I eventually realized that I was unique in that respect; very few people have a choice about what they eat. Most people eat what is put in front of them, the implication being that they are lucky to have it. Especially during the traditional family holidays, people are expected to eat the traditional fare, not a menu that is chosen for individual taste — not to mention a menu such as mine, which was so often portrayed as exotic then, but of course is becoming so much more common today. My idea is that people get together at holidays to be together, not to eat the same things.

The reasons for a vegetarian diet are much deeper that the simple principle of not causing harm to a living thing. Shaivism teaches that hatred springs from meat, and that violence hunts you like an animal, through meat. It goes on to say that the way an animal dies has an effect on you, even if you yourself have not done the actual killing.

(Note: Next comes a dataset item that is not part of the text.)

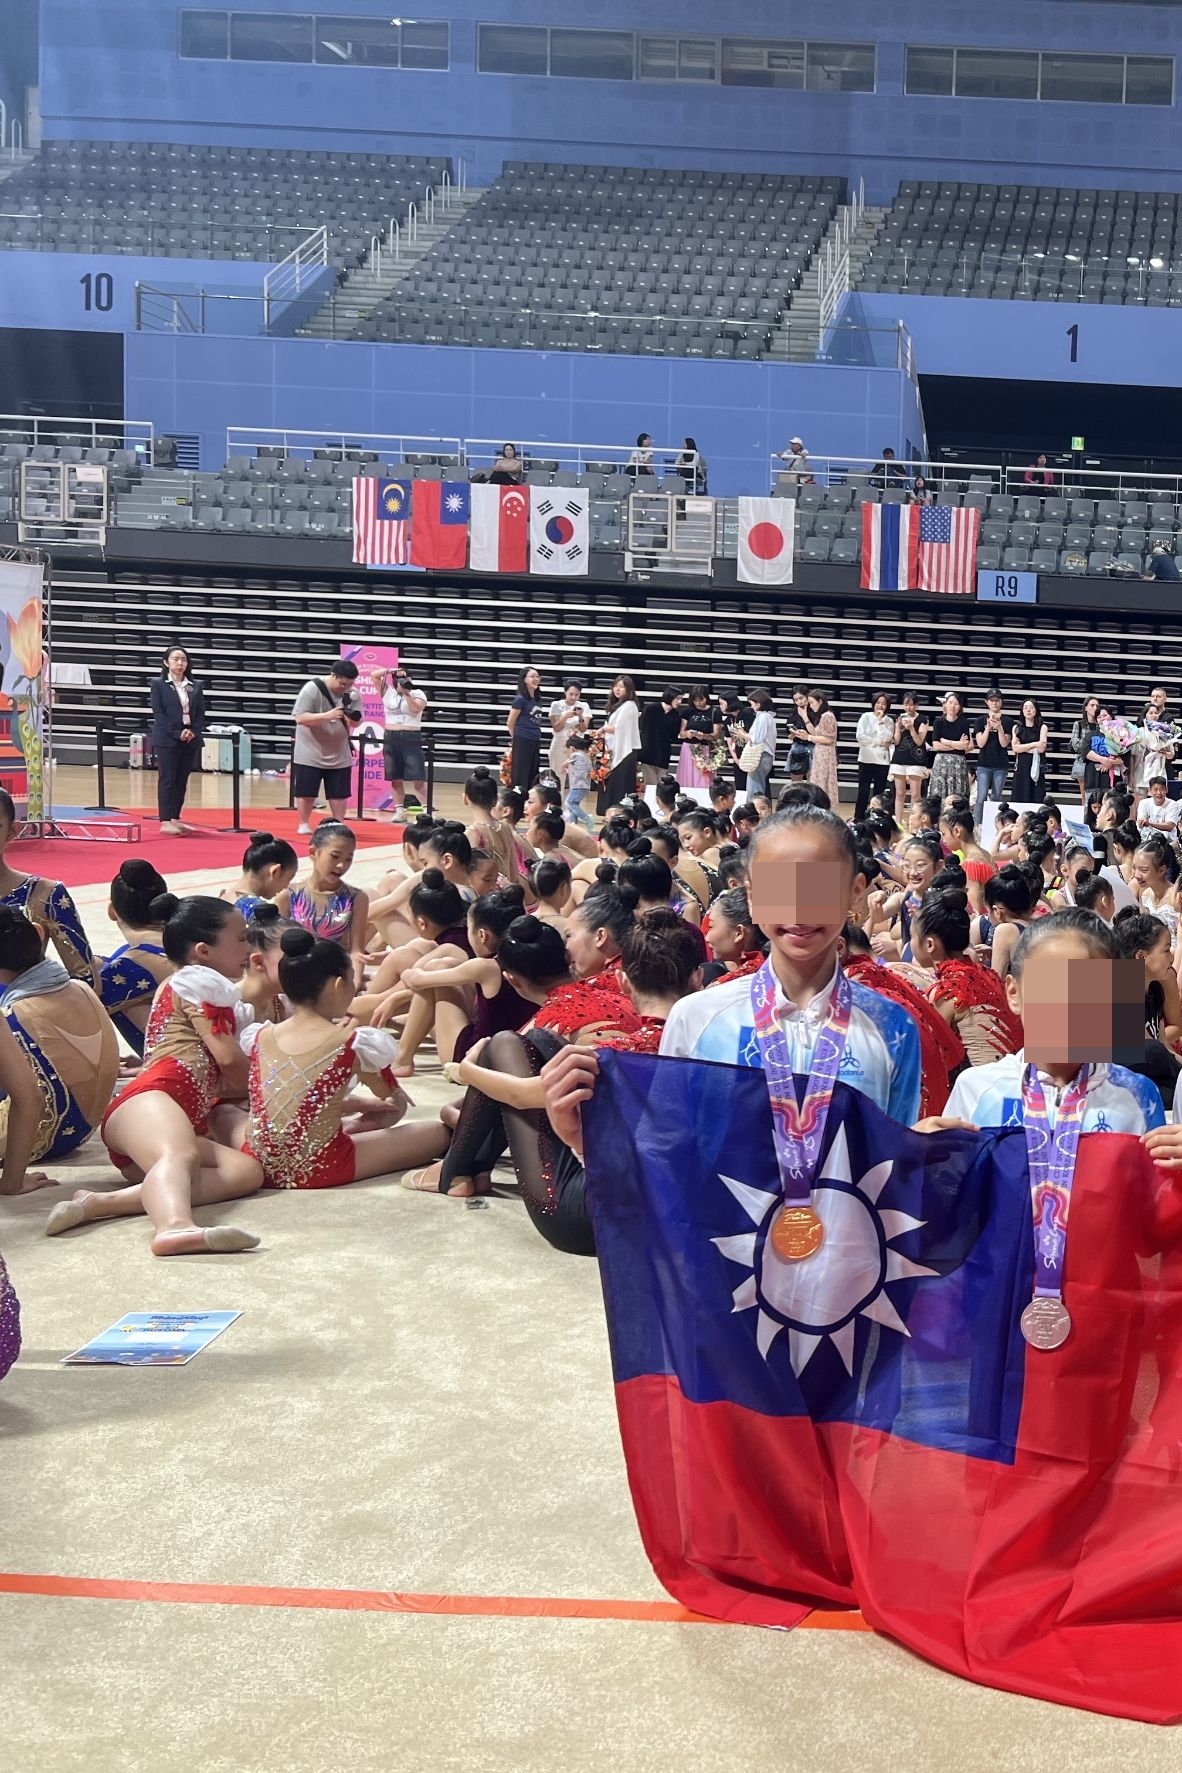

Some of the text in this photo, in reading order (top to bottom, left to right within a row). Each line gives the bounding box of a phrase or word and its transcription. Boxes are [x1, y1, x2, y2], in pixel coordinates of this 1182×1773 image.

[79, 272, 113, 311] 10
[1066, 324, 1079, 363] 1
[995, 575, 1019, 598] R9
[364, 771, 382, 780] IDE

Some of the old books on Kashmir Shaivism actually outline three specific crimes against living things (animals or human beings). The first is taking away life, even though the animal or person is innocent and has done nothing to deserve death. The second is the crime of inflicting great pain while killing. And the third is the crime of taking away its strength by trussing it up and tying it down. These old books say further that one has to pay dearly for acts such as these and that it take twenty lifetimes to pay for such violence. All violence is a result of when the spiritual body is ignored, denied expression, and repressed.

I asked Swami Lakshmanjoo once whether these statements are to be taken literally. He said yes, but when I asked if there was anything that one could do to alleviate this penance, he said that according to Shaivite philosophy, the practice of Yoga does help to lessen the burden of repayment. The Bhagavad Gita states that anyone who begins serious practice of the ethical guidelines immediately finds relief from the burden of violence in their lives.

From Yoga of the Heart: Ten Ethical Guidelines for Gaining Limitless Confidence, Growth, and Achievement, by Alice Christensen (Daybreak/Rodale Books, 1998).